Mature vs. Immature Teratomas

About 95% of all teratomas are the mature type, also called dermoid cysts. These contain fully differentiated, adult-looking tissues and are benign. The teeth inside them are recognizable as teeth. The hair looks like hair. The fat looks like fat. These tumors are typically slow-growing and can sit quietly in the body for years.
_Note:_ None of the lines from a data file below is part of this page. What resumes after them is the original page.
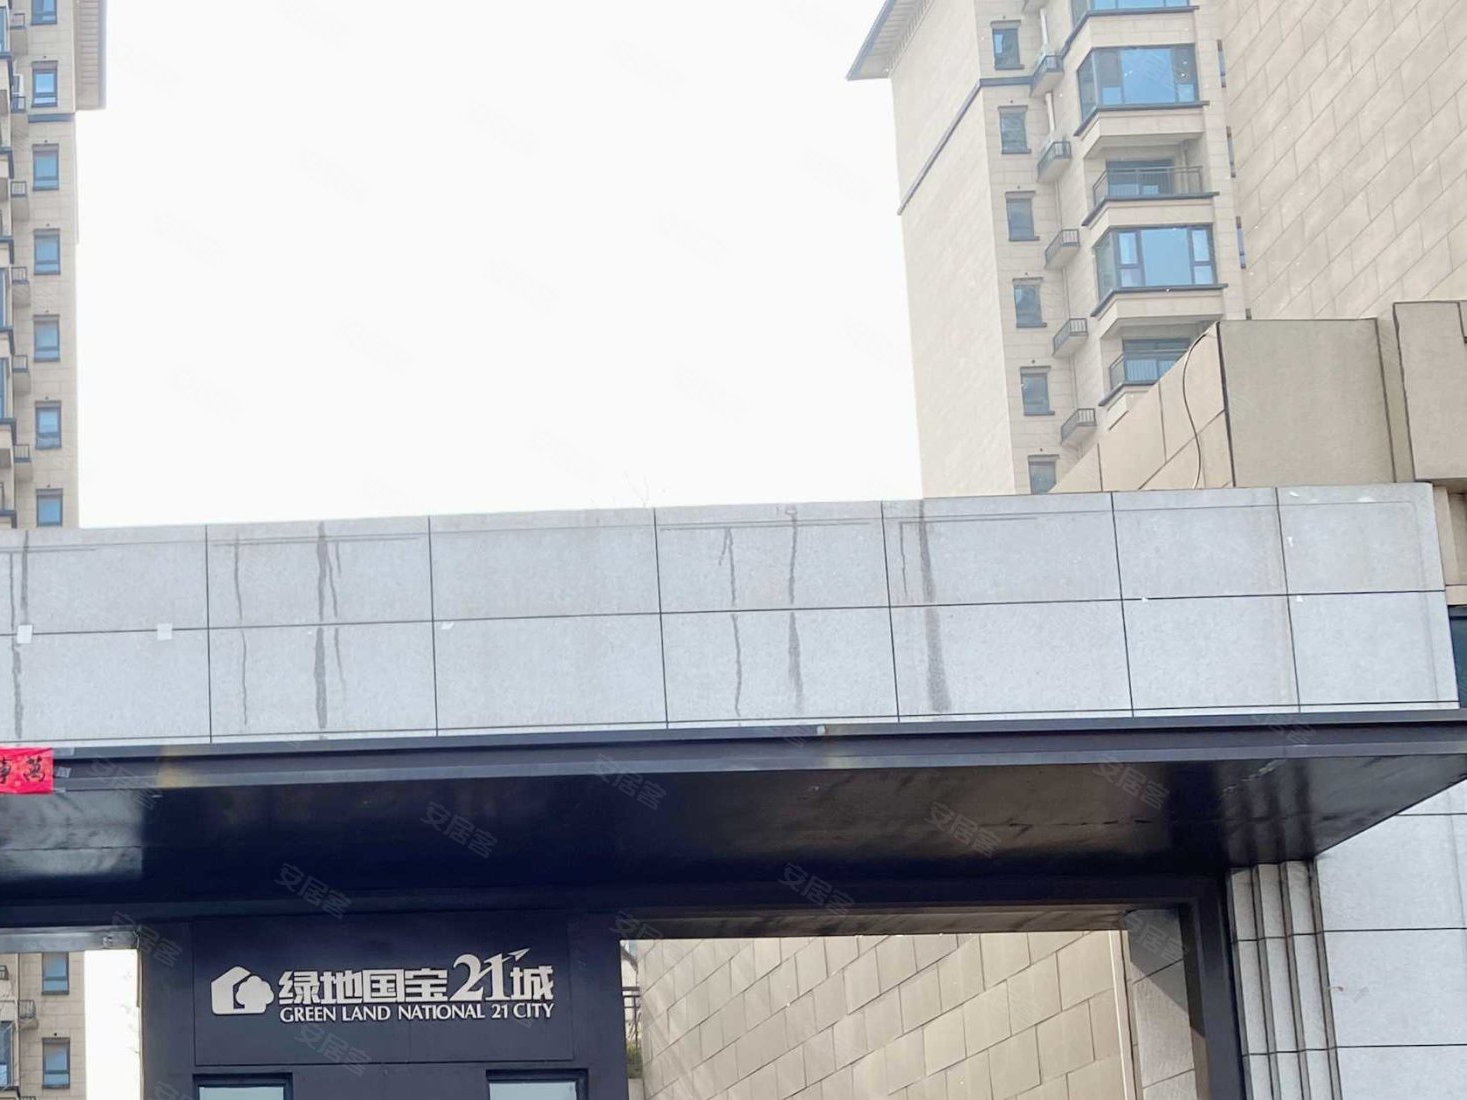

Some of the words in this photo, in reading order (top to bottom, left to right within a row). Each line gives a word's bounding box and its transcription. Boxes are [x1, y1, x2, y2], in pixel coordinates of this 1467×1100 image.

[278, 952, 554, 1005] 绿地国宝21城
[279, 1005, 337, 1023] GREEN
[342, 1005, 391, 1022] LAND
[398, 1003, 486, 1021] NATIONAL
[491, 1003, 509, 1019] 21
[513, 1002, 555, 1019] CITY
Immature teratomas are the malignant counterpart. They contain tissue that resembles what you’d see in an embryo rather than in a fully developed body. Despite being classified as malignant, their prognosis is generally good. Five-year survival rates range from about 98% for early-stage disease down to 72% for the most advanced cases, with an overall five-year survival around 90%. A rare variant called struma ovarii, making up about 3% of ovarian teratomas, consists almost entirely of thyroid tissue and can occasionally cause hyperthyroid symptoms.

What Removal Looks Like

Surgery is the standard treatment. For ovarian teratomas, laparoscopic (minimally invasive) surgery is considered the gold standard, offering less blood loss, shorter hospital stays, less pain, and fewer adhesions compared to open surgery. In younger women who want to preserve fertility, surgeons typically remove just the cyst while leaving the ovary intact. In other cases, removing the entire ovary is the standard approach.

One concern during surgery is spillage of the cyst’s contents into the abdominal cavity, which could theoretically cause a chemical irritation of the abdominal lining. In practice, this complication is extremely rare and can be managed with thorough rinsing during the procedure. For some small, asymptomatic teratomas, doctors may recommend monitoring with periodic imaging rather than immediate surgery.

Why Teeth Specifically

Of all the strange tissues teratomas produce, teeth get the most attention because they’re so visually jarring. But teeth aren’t actually unusual for these tumors. Enamel comes from the ectoderm, the same layer that produces skin and hair, both of which are extremely common in teratomas. The tooth’s inner structure, dentin and pulp, comes from cells that originate near the boundary between ectoderm and mesoderm. Since teratomas routinely produce tissues from all three germ layers, they have all the raw ingredients for tooth formation. The cells just need to end up in close enough proximity to trigger the signaling cascade that normally builds teeth in your jaw. When that happens inside a tumor, you get a fully formed tooth growing in someone’s pelvis, chest, or abdomen, complete with enamel, roots, and sometimes even the beginning of a socket-like bone structure around it.